▶ **DIRECTIONS FOR THIS TASK**: The word "KitchenAid" marks the lines to keep; find each one in the data and copy it.

▶ **RECORD EXCERPTS**:
* * * * * * * * *
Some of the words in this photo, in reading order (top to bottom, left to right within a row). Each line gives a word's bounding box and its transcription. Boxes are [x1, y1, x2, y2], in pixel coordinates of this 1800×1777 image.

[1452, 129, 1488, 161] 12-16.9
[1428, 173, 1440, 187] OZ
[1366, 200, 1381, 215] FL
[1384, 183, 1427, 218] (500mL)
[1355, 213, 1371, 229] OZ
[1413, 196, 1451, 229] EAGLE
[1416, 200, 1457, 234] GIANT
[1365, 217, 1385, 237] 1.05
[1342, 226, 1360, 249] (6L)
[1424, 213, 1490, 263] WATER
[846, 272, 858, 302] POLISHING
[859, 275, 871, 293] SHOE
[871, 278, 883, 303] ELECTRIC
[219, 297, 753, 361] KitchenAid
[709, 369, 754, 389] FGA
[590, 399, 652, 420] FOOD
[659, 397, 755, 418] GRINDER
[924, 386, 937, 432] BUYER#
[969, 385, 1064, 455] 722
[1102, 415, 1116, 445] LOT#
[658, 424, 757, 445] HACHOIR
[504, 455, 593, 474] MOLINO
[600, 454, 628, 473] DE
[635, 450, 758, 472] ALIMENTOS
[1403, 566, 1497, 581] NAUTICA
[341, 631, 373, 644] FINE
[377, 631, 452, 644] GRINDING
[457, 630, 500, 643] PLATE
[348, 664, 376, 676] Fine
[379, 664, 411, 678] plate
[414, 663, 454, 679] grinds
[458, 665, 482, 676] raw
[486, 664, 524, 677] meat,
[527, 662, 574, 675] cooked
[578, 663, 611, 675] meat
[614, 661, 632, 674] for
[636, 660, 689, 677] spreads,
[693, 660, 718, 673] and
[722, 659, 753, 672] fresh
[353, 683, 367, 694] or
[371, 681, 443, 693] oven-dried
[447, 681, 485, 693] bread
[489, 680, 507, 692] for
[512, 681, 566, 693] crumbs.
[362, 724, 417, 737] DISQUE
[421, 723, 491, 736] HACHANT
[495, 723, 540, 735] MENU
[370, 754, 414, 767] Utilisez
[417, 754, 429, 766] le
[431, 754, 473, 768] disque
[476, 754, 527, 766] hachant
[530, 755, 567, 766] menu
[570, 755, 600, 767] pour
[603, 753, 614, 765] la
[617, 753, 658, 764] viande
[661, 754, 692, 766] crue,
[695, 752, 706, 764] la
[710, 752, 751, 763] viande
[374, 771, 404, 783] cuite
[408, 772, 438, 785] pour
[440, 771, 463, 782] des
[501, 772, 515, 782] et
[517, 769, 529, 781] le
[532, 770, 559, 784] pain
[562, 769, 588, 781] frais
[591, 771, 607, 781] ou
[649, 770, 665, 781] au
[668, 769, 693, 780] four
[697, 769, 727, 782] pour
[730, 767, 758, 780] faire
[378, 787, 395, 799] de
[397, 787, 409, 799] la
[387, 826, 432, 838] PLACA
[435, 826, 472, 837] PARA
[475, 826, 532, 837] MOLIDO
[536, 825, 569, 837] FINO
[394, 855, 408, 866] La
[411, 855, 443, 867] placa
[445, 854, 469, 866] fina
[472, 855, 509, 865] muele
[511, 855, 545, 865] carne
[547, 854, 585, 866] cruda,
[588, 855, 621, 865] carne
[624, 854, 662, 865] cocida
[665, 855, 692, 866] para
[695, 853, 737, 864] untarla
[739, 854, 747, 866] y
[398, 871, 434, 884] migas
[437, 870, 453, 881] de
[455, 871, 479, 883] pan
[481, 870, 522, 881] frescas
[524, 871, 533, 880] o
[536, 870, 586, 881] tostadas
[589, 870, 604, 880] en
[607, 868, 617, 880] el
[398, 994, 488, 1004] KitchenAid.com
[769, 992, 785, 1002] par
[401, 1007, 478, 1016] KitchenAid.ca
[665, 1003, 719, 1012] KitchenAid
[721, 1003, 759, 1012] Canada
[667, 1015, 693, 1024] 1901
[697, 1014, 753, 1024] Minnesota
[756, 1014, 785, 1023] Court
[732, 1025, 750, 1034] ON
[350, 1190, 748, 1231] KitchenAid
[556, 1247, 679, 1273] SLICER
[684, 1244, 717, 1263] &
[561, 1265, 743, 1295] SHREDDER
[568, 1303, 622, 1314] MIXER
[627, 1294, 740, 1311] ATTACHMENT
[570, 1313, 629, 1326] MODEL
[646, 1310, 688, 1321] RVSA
* * * * * * * * *
▶ **ANSWER TO THIS TASK**:
[219, 297, 753, 361] KitchenAid
[398, 994, 488, 1004] KitchenAid.com
[401, 1007, 478, 1016] KitchenAid.ca
[665, 1003, 719, 1012] KitchenAid
[350, 1190, 748, 1231] KitchenAid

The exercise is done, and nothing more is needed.